Why can’t I be happy AND right?
…… as demand goes down down down! LOLZ
“He also lost his own palatial home in the development in 2009. The bank initially listed the unfinished home for $1.5 million, but in 2010 Myers bought it back for $650,000….“Home sites … currently valued in the $200,000 range”
“‘This is going to be a test for the market,’ Jarrette said.”
The market has already been tested. Myers bought his own palace back from the bank for $50/ft2, elevator and all.
The boomers I know who are considering retirement are not planning on a 10,000 ft2 palace in the boonies. They are downsizing and trying to figure out how to get out of debt before they die on the job.

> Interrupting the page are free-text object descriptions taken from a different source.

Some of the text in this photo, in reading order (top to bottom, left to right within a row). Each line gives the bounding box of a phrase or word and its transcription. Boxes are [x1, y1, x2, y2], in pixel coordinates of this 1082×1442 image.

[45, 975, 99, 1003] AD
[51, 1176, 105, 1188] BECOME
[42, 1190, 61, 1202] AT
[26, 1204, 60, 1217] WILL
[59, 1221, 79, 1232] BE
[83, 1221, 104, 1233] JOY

“They are downsizing and trying to figure out how to get out of debt before they die on the job.”
LMAO….. so true.
That’s why we paid cash for our home and remodel. No debt for us aging Baby Boomers is the way to go.
65 (which I’m not) was the free & clear target age.
And you got ripped off.
What’s it feel like?
HA
Two paths. One paying $2,500/mo in rent(post home sale).

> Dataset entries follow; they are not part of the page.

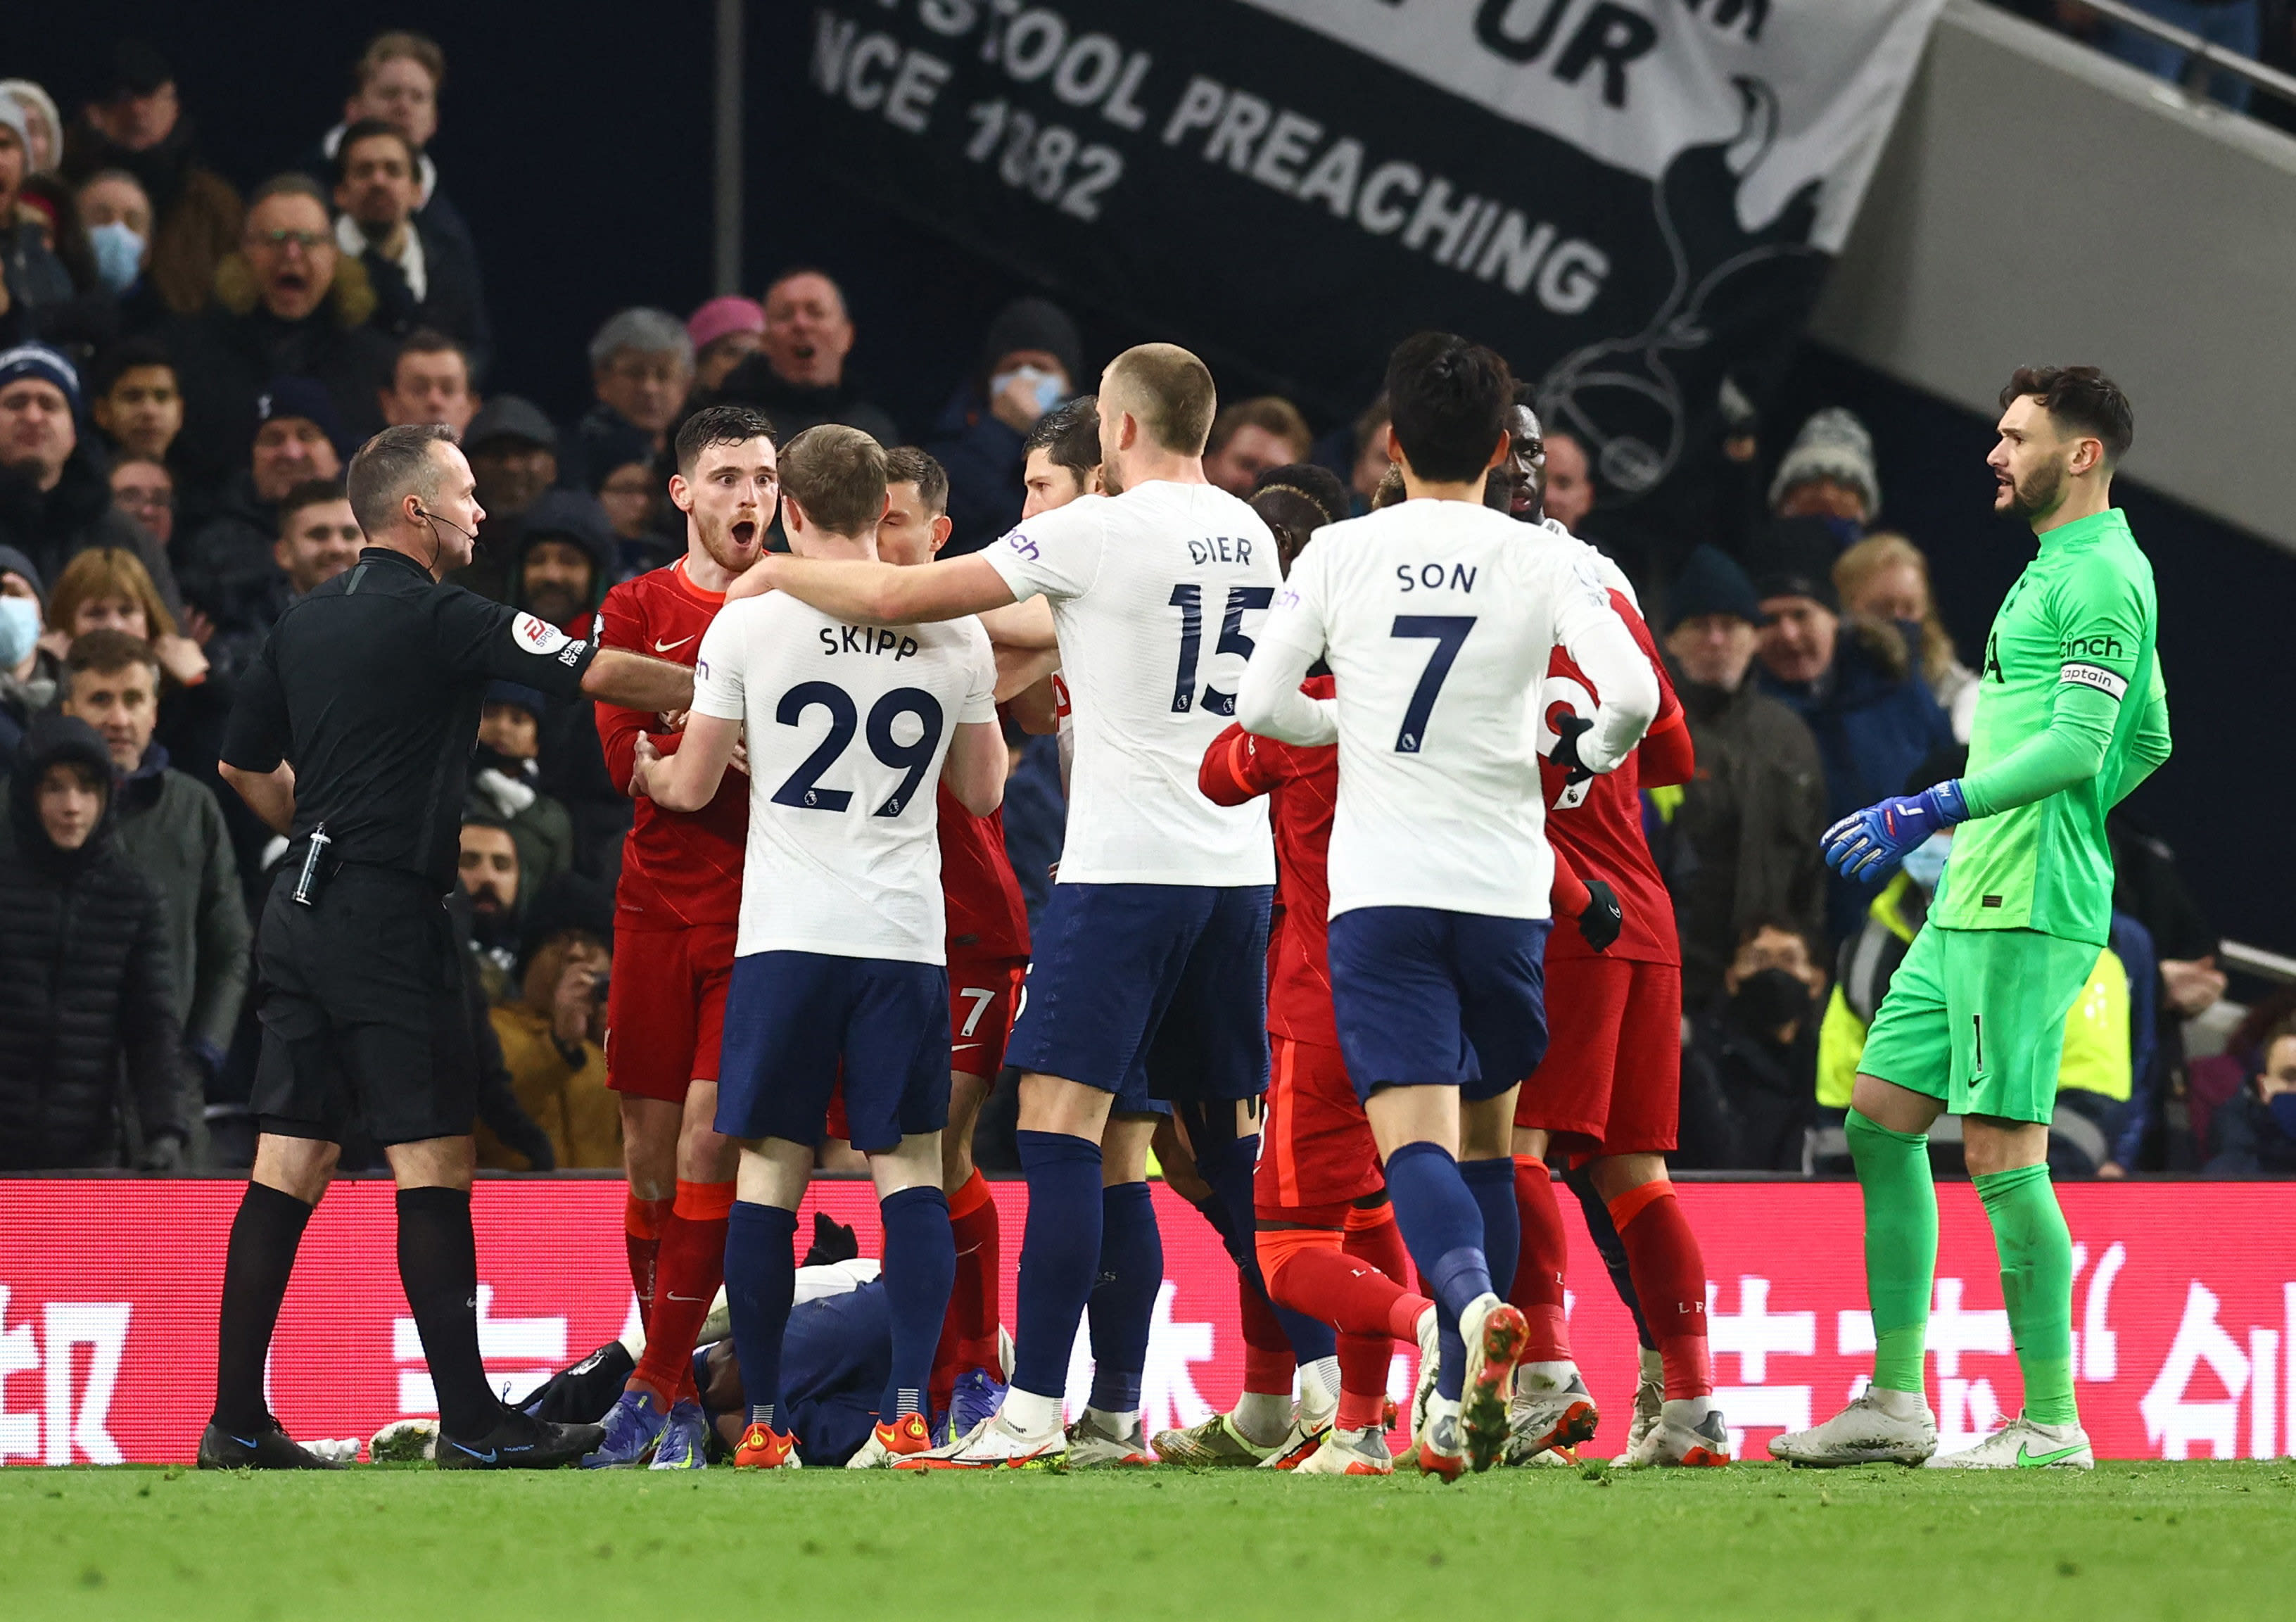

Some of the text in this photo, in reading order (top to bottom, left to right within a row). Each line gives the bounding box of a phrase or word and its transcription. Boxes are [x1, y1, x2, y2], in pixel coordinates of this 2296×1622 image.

[1161, 74, 1610, 315] PREACHING
[1187, 536, 1252, 566] DIER
[1397, 562, 1477, 594] SON
[535, 626, 558, 648] SPOR
[819, 625, 919, 662] SKIPP
[1168, 584, 1275, 716] 15
[1390, 614, 1478, 754] 7
[770, 680, 944, 818] 29
[958, 987, 996, 1037] 7
[1973, 1015, 1982, 1072] 1

The other path, buying a modest one-story at a 45% haircut from the peak of HB 1.0. Sensible solution for our situation.
Nuff said.
Our buyer broker did a fabulous job. Locked us into the deal, and then went to work for us. Great guy. Even came over to help us and he removed all our trash for us. A mensch.
I had a realtor once actually buy me a Christmas tree! Having them take out the trash sounds better though.
“Locked us into the deal”
LOLZ
Yeah…. you’re locked in alright.
How much do you have in the dump?
Blue,
He came over with a saw, and took off all the wall of mirrors in the bathrooms. He helped us pull up carpeting, hauled all our trash (as I said), helped me remove bushes, and so on. He was amazing. 6 months after the deal closed, he was still doing things for us. He even went to storage w/ me (my husband got injured) and helped me remove stuff. I mean, when I say “mensch”, I mean it.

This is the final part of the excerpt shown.